Professor Dr. Hans Fred Weiser, Präsident des Verbandes der Leitenden Krankenhausärzte Deutschlands, referierte über „Leitende Krankenhausärzte im Konflikt zwischen Medizin und Ökonomie“. „Die Ärzte müssen endlich bereit sein, Kante zu zeigen“, forderte er und sie sollten Arbeitsverträge, die nicht die medizinische Tätigkeit, sondern wirtschaftliche Vorgaben in den Mittelpunkt stellen, ablehnen und nicht unterschreiben. Dies bedeute heute nicht mehr automatisch das berufliche Aus. Es gebe ausreichend Alternativen auf dem medizinischen Arbeitsmarkt. Der Ärztetag forderte die Krankenhausträger dazu auf, gemäß den Anfang des Jahres in Kraft getretenen gesetzlichen Regelungen in § 135c des Sozialgesetzbuches V von vorrangig an ökonomischen Kriterien orientierten Bonuszahlungen für leitende Krankenhausärzte abzusehen. Anderenfalls wäre der Gesetzgeber erneut aufgerufen, derartigen Entwicklungen auch rechtlich Einhalt zu gebieten. „Ökonomisierung ist dann abzulehnen, wenn betriebswirtschaftliche Parameter individuelle und institutionelle Ziele ärztlichen Handels definieren, ohne dass es eine am Patientenwohl orientierte medizinische Begründung gibt“, heißt es in einer einstimmig gefassten Entschließung des Ärztetages.

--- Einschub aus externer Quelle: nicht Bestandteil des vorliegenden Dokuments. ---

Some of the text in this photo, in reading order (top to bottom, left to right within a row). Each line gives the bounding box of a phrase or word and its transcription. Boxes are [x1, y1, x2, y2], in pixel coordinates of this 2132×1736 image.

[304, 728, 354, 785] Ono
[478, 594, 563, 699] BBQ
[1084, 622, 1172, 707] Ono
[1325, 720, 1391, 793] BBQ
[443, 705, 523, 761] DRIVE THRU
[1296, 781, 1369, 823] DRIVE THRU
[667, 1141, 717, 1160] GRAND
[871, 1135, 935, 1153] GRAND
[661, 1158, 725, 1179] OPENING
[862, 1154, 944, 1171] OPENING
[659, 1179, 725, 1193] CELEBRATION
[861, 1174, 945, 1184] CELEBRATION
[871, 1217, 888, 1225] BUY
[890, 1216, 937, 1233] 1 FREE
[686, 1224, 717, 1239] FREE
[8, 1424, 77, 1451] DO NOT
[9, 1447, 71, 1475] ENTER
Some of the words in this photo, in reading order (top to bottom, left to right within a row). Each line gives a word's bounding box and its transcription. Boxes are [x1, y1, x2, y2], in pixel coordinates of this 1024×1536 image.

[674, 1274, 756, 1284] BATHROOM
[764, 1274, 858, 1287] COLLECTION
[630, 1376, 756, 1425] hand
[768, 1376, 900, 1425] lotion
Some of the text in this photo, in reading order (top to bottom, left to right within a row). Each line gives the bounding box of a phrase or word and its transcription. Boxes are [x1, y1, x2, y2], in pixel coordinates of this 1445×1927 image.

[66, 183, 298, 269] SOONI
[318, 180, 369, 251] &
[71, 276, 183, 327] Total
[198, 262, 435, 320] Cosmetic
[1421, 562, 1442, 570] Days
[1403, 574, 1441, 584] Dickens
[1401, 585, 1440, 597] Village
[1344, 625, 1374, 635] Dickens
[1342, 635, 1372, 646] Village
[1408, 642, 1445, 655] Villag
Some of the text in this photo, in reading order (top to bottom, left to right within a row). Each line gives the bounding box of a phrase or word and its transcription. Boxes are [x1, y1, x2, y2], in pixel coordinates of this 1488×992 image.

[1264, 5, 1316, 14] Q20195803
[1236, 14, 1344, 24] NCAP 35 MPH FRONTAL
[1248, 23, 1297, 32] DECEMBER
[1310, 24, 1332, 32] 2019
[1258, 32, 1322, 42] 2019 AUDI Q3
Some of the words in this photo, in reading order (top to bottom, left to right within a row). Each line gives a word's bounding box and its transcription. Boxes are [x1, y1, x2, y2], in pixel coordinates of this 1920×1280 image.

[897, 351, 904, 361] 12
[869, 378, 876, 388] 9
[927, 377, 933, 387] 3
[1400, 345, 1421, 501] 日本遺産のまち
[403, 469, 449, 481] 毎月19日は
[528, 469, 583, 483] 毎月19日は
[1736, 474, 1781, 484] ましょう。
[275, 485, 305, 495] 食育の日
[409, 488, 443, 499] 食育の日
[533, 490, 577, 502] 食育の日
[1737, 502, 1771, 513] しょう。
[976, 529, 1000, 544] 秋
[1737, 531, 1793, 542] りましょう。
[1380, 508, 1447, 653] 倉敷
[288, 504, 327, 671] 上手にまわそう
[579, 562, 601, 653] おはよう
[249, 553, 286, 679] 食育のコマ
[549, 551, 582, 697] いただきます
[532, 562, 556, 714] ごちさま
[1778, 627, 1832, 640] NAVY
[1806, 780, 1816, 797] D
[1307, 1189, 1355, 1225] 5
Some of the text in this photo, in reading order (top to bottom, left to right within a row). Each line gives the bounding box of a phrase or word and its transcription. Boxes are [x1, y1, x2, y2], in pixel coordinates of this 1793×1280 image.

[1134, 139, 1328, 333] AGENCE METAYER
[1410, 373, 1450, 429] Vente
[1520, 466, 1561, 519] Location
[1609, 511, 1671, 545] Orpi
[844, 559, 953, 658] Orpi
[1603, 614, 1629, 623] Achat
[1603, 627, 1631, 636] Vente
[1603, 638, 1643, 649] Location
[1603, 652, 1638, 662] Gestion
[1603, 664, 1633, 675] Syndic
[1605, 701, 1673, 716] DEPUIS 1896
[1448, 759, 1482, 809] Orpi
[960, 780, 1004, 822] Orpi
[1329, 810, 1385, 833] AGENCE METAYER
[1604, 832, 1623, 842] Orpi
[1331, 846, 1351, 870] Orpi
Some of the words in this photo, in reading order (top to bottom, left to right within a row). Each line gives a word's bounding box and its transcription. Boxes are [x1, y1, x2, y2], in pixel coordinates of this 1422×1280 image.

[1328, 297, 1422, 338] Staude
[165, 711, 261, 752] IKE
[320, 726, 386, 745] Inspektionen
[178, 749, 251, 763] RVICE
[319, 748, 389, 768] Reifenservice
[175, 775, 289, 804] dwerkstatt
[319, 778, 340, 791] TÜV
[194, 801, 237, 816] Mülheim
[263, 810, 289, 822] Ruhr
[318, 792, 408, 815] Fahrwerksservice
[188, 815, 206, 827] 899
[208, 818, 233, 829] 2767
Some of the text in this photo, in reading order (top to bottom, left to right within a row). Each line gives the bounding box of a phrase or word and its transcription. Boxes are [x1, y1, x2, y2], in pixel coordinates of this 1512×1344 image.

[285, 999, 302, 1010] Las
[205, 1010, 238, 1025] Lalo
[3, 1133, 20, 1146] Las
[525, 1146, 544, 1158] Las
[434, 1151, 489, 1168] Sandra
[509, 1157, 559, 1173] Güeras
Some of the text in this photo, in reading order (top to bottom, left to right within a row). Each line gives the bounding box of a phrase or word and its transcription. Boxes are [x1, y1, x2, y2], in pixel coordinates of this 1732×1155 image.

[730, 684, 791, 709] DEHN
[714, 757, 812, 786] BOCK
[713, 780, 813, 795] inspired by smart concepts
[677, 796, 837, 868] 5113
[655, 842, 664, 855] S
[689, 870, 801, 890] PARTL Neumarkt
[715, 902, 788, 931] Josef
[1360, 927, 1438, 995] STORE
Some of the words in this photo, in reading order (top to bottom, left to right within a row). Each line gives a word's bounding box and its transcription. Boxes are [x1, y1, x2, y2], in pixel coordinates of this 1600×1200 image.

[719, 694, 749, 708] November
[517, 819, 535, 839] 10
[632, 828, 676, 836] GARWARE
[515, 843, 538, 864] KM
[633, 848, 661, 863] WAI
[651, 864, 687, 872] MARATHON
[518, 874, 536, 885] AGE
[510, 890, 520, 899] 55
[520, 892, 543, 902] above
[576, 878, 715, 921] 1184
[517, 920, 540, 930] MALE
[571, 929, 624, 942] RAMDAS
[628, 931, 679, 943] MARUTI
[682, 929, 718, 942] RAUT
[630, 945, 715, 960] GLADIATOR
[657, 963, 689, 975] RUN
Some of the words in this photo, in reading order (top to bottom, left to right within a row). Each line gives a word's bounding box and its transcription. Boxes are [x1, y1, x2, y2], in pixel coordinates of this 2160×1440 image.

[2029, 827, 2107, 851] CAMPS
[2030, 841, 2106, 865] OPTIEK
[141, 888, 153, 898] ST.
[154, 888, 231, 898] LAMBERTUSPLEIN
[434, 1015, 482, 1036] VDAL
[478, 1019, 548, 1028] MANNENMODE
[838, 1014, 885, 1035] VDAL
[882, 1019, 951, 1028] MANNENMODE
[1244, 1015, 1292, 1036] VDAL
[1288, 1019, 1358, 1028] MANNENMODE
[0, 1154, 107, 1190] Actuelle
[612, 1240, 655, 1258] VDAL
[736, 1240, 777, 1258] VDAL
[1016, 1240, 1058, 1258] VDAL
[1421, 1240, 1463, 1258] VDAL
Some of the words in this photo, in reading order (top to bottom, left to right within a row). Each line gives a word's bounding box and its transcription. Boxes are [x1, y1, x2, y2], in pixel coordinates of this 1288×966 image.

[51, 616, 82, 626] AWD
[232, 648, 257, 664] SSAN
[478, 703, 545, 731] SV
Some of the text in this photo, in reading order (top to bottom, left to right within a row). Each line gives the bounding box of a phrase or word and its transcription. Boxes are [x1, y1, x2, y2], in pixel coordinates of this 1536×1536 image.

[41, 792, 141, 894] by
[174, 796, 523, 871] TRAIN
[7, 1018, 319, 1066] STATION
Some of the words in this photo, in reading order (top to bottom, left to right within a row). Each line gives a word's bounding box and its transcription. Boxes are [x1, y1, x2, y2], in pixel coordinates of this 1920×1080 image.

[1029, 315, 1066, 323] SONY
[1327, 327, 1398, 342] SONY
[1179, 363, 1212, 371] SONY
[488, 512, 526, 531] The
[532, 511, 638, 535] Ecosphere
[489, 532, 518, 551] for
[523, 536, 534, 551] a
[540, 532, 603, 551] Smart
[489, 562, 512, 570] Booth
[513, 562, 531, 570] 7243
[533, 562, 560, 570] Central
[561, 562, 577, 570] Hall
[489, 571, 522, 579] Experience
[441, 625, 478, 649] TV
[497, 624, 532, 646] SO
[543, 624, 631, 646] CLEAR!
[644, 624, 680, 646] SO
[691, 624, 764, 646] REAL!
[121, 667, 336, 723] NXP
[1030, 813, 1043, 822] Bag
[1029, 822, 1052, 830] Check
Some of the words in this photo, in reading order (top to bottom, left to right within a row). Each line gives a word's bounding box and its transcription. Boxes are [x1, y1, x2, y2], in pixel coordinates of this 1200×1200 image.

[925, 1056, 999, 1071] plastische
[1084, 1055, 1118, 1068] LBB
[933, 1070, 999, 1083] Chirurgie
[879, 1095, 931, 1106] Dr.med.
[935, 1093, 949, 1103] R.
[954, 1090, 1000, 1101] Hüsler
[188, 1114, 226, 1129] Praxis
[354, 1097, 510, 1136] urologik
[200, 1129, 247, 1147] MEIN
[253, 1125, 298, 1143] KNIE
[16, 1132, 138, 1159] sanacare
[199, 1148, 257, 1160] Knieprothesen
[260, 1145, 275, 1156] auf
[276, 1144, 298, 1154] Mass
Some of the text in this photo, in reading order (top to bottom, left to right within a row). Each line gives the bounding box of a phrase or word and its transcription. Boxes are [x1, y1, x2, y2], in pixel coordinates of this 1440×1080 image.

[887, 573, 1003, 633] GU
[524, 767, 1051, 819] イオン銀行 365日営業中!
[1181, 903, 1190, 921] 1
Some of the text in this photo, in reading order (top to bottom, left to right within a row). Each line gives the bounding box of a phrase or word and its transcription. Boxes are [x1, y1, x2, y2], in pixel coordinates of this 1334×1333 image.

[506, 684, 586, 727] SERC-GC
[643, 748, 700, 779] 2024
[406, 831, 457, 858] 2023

Bild 4: Die bayerischen Abgeordeten Dr. Albert Joas, Dr. Dr. Carola Wagner-Manslau, Dr. Andreas Botzlar und Dr. Gerald Quitterer (v. li.) bei der Stimmabgabe zur Wahl eines neuen „weiteren“ BÄK-Vorstandsmitglieds.

Der Deutsche Ärztetag sprach sich gegen die Errichtung einer Gemeinsamen Akademie der BÄK aus. Diese sollte sich, nach dem Vorstandsantrag, aus der Akademie für Allgemeinmedizin und der Akademie der Gebietsärzte zusammensetzen, mit dem Ziel, sich verstärkt mit sektoren- und gebietsübergreifenenden Themen der Versorgung zu befassen. Der Ärztetag entschied hingegen, die alten Statuten der beiden Akademien zu belassen. Der Erhalt der Akademien sei sachgerecht, da nur auf diese Weise die Möglichkeit geschaffen werde, spezifische Versorgungsthemen der Haus- und Fachärzte in der „gebührenden Differenziertheit“ zu diskutieren, so die Antragsteller. Eine Verschmelzung biete dazu keine Perspektive, heißt es in der jüngsten Fassung des Beschlusses.

Der 120. Deutsche Ärztetag findet vom 23. bis 26. Mai 2017 in Freiburg statt.